One of my main purposes in running this bog is to point people toward others that understand autism better than I do. I did this a couple of days ago when I highlighted John Elder Robinson's piece about reaching a common understanding of autism (http://www.psychologytoday.com/blog/my-life-aspergers/200910/the-cure-au...)

If you have not read Sarah's response to his piece at her blog Cat in a Dog's World, I strongly recommend it:
http://autisticcats.blogspot.com/2009/10/autism-is-medical-condition.html

Frankly, I don't see very much difference between their points on view, and it's hard for me to understand the vehemence of Sarah's response. But it's also hard for me to understand why John Elder holds himself apart from ASAN, which never matches its main foe Autism Speaks in the extremity of its rhetoric.

Read more after the jump.

Although John is right in his response to Sarah's post that Autism Speaks is one elephant in the room, there is another one:

It is hard for us to find common ground with each other because we have autism.

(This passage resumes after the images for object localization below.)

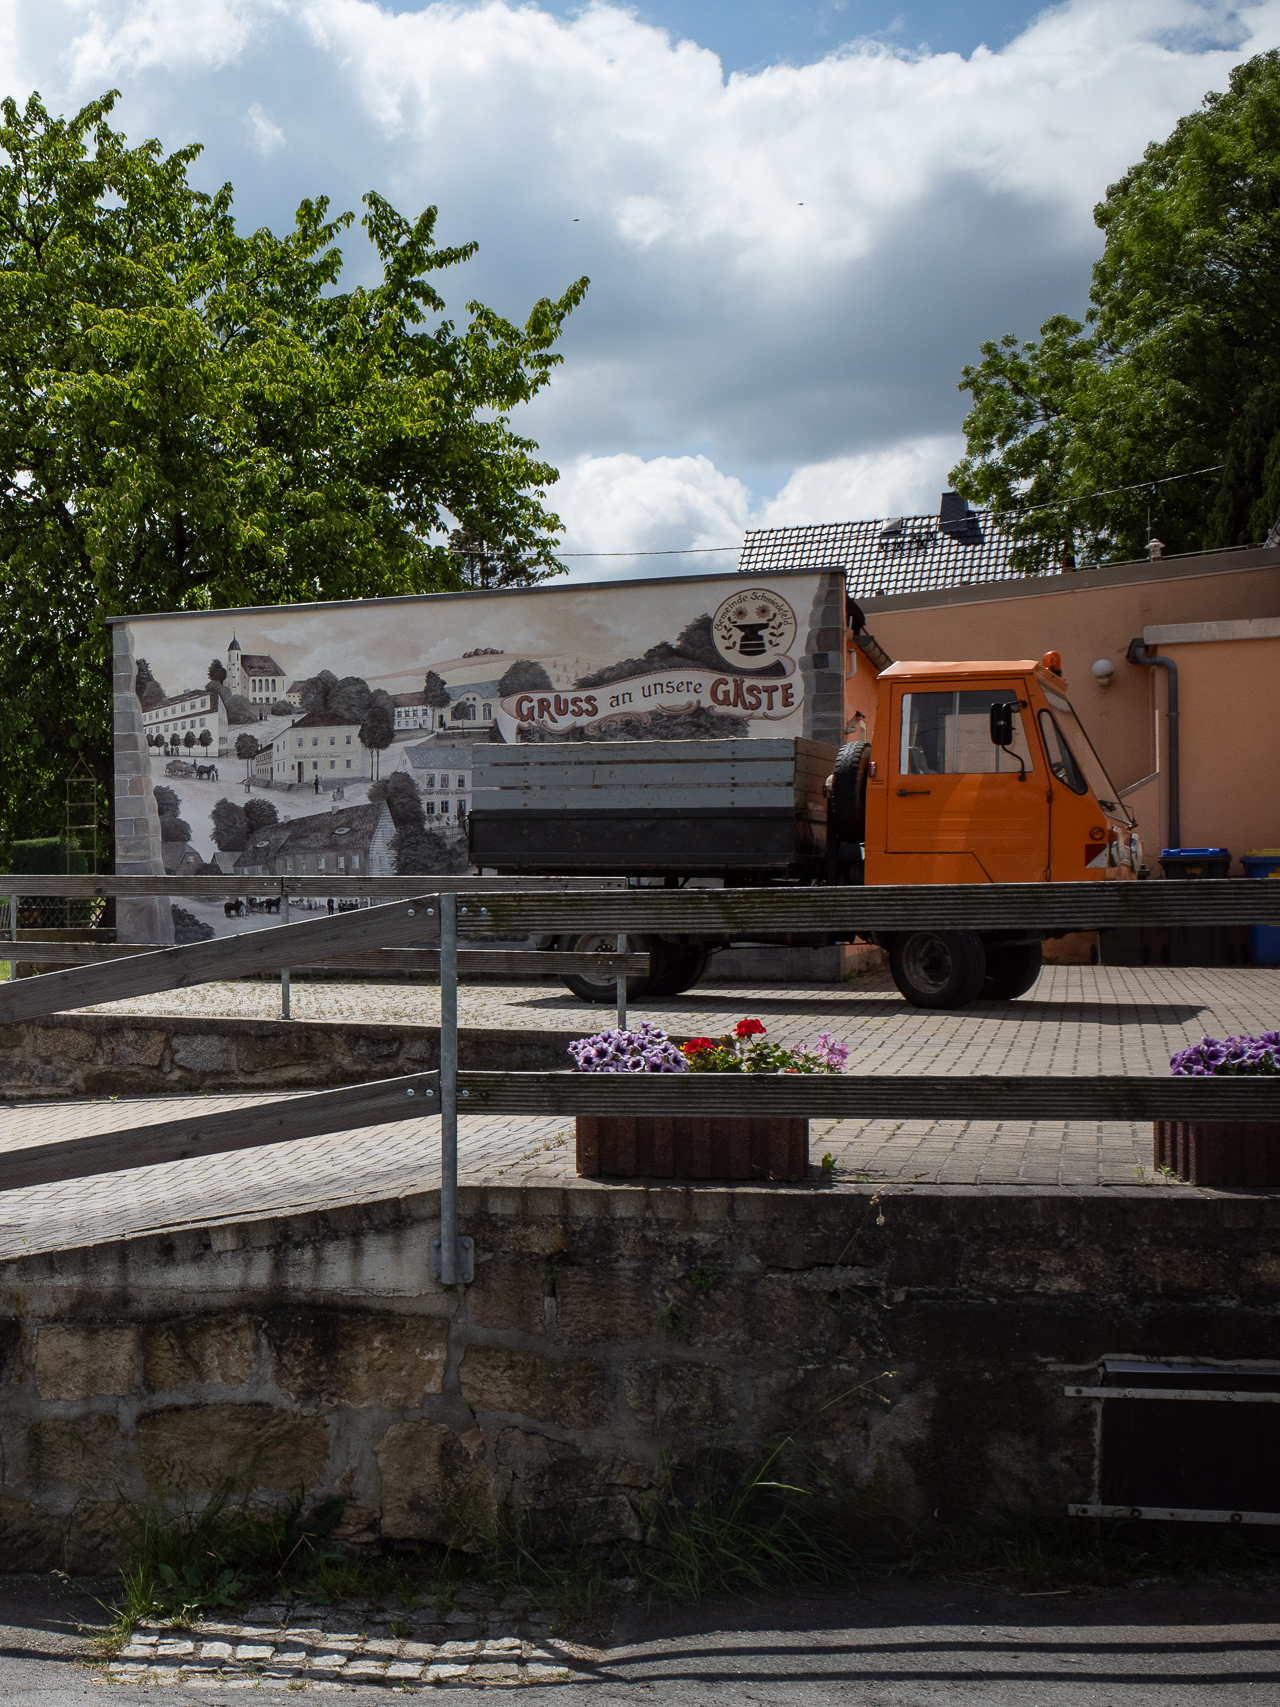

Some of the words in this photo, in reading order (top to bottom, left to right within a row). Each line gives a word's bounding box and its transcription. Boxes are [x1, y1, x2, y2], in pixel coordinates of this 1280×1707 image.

[714, 595, 748, 631] Gemeinde
[750, 592, 793, 626] Schmiedefeld
[515, 694, 599, 723] GRUSS
[609, 691, 633, 708] an
[641, 680, 703, 698] unsere
[710, 677, 795, 711] GÄSTE

Autism not only impairs our ability to communicate; it makes our thinking rigid. We have more trouble reaching understanding than most people do because of the nature of autism itself. I think it may be hard for us to admit this, but it seems essential if we are to move toward the sort of common ground John Elder describes, and I think most of us certainly want.

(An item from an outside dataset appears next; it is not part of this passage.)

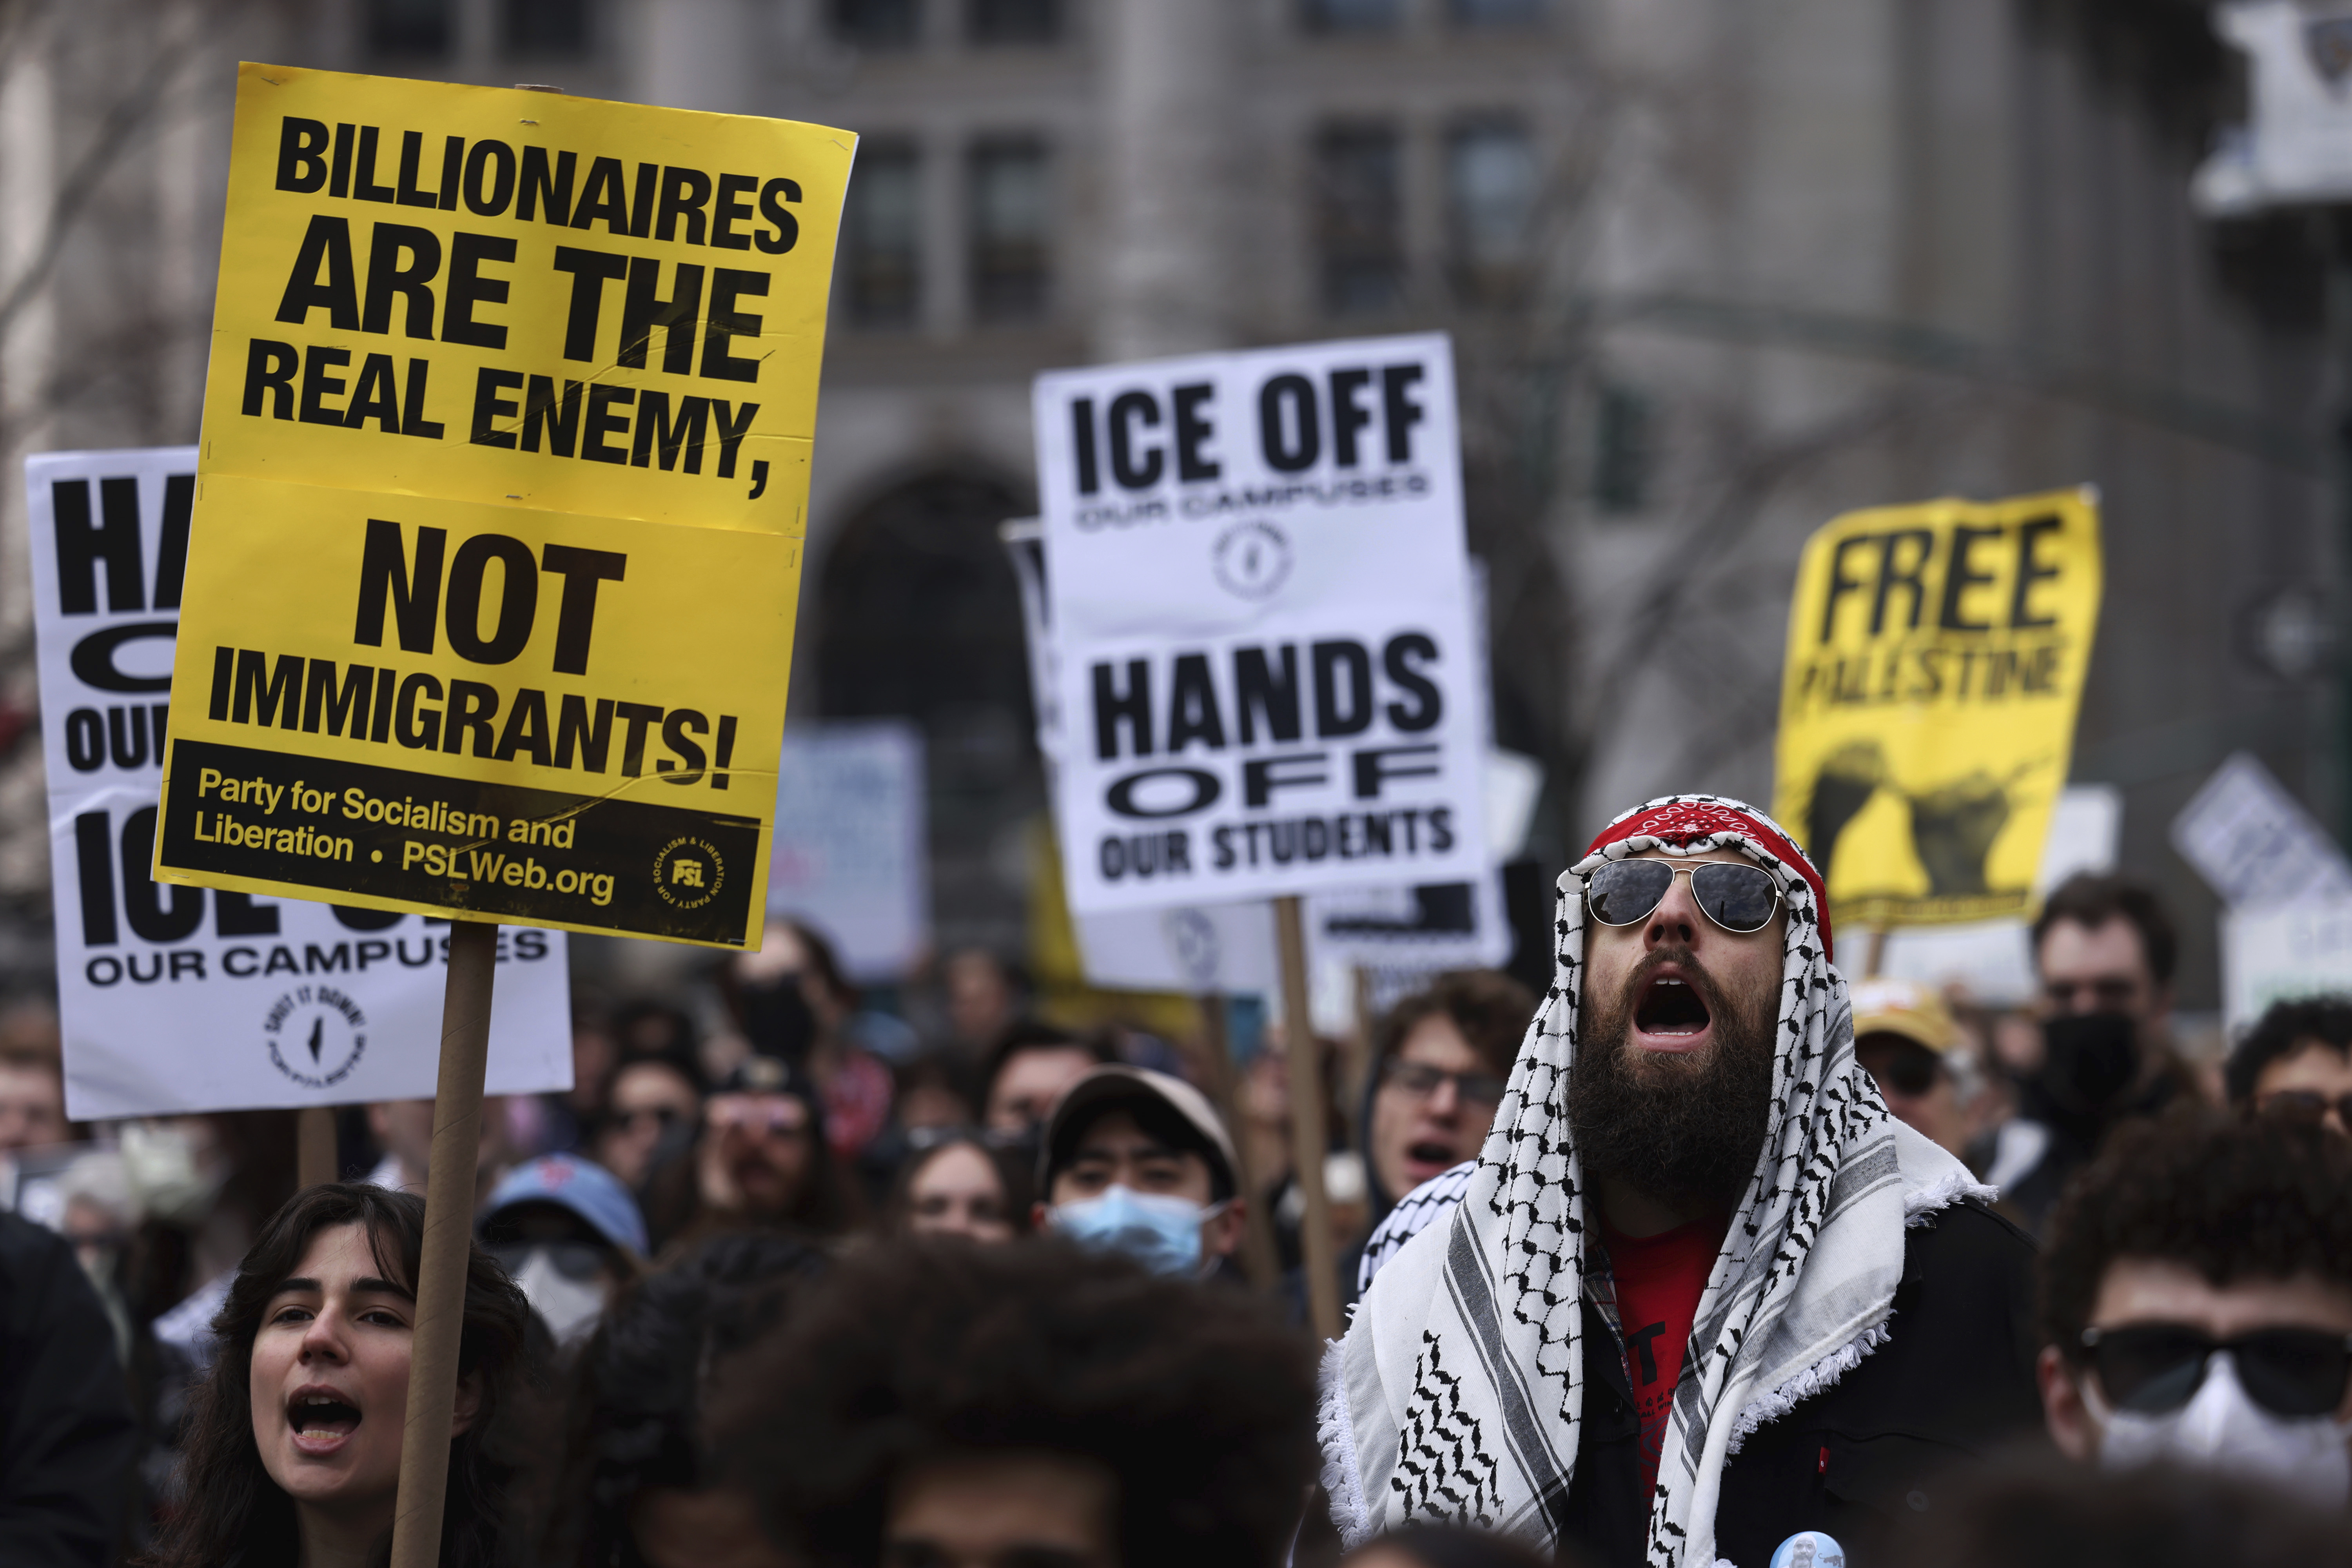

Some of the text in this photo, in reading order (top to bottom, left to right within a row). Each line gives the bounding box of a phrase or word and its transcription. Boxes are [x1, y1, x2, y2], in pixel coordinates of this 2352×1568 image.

It needs to be said that parents of children with autism often display traits of autism themselves, and this rigidity of thinking is one of them. Truly, if you consider the role that genes undoubtedly play in at autism, it becomes less surprising that parents of autistic children have trouble understanding that I sympathize with both their children AND them.

We are more prone than NTs to making all or nothing statements: "autism is a difference not a disability" or "autism wants to destroy my marriage." We have a harder time than most people seeing philosophical issues in grays rather than in black and white. This means that when we run into the black and white statements other people on the spectrum are likely to make, we are more offended by them than NT people are likely to be.

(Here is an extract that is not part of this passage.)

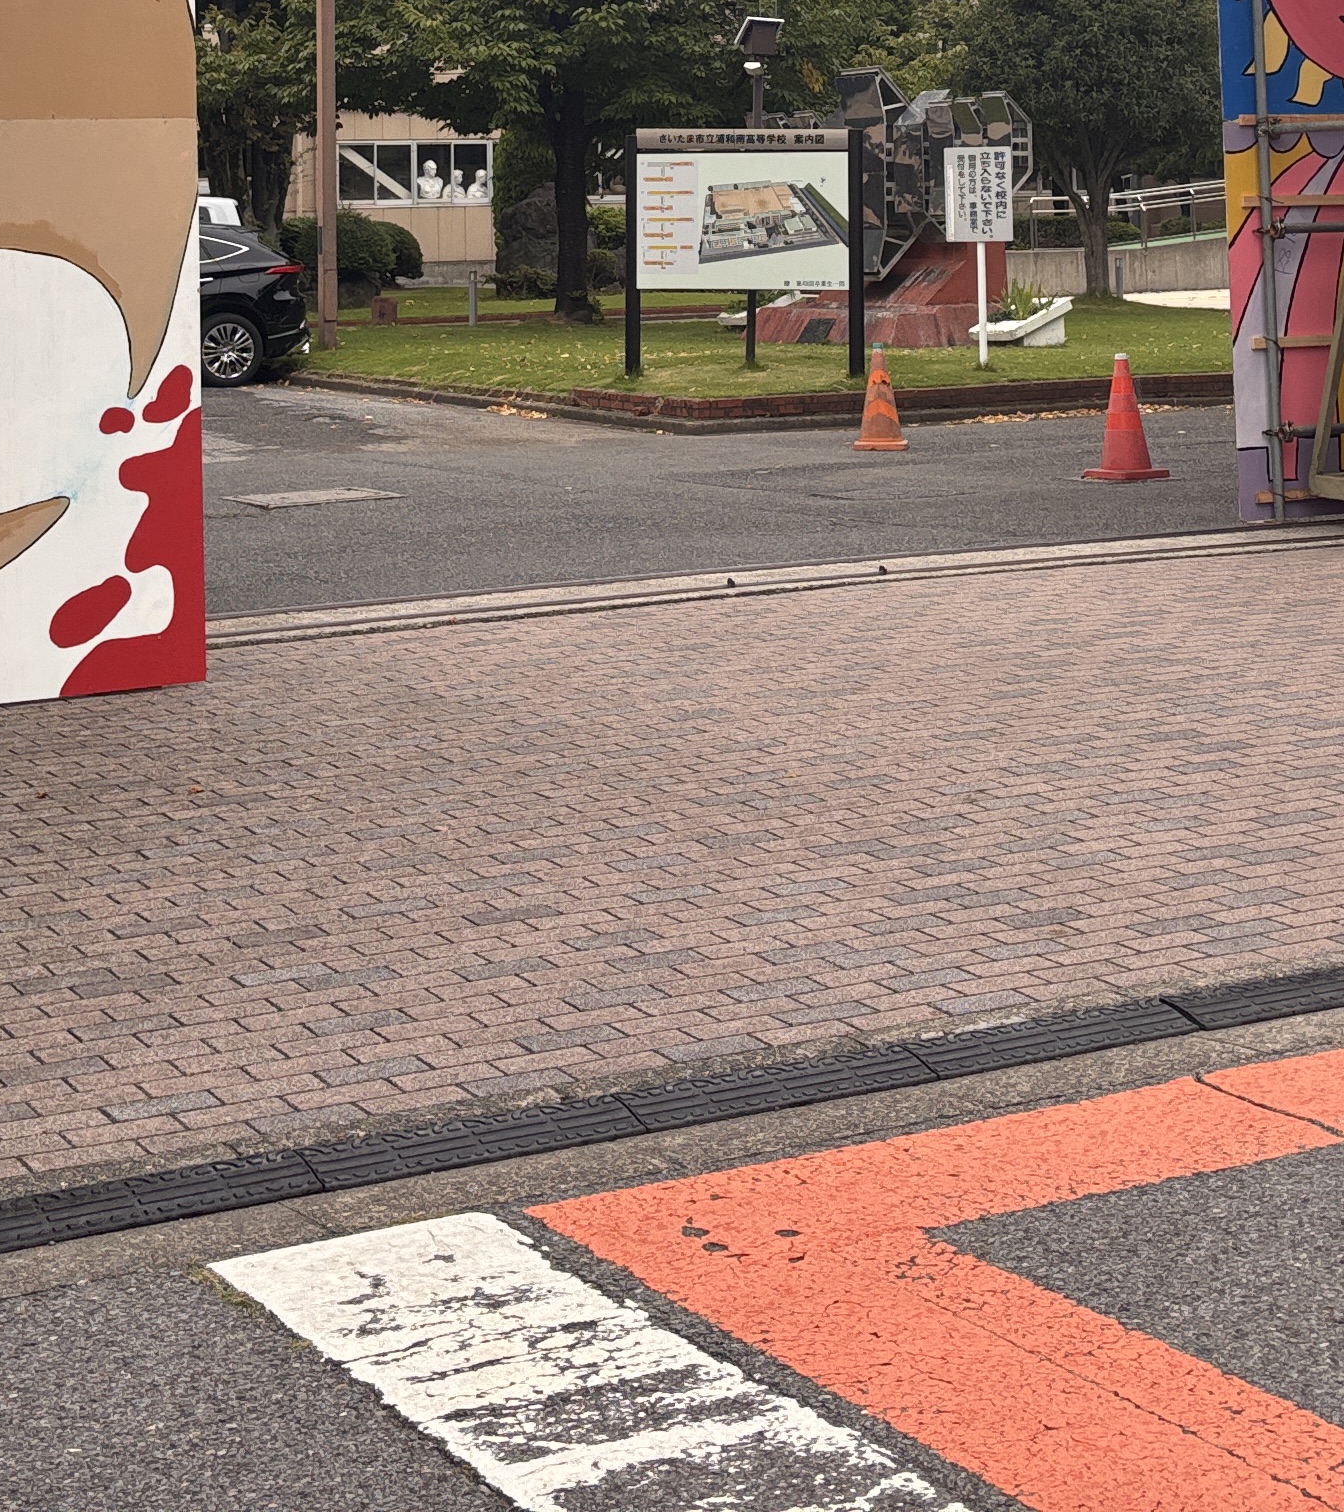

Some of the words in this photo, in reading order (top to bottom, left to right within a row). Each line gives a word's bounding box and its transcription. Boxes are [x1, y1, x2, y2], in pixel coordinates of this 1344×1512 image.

[793, 133, 825, 145] 案内図
[979, 151, 994, 239] 立ち入らないで下さい。
[994, 151, 1008, 219] 許可なく校内に

I do not agree with those who say the idea of a spectrum needs to be abandoned because the differences between us is so extreme. Rather, I think need to keep building our understanding of the spectrum so that it works better.

I guess because I am gay I tend to see similarities between the sexual minorities rights movement and the disability rights movement. At one point in time, people thought that gay people and transgender people were pretty much the same. Then we split off gay people, but thought that transgender people and transvestites were the same thing. As we have come to understand transgender people better, their lives have become infinitely better.

The same should happen as more people understand autism better. There is power in numbers. We need to band to together, not let our rigid thinking split us apart.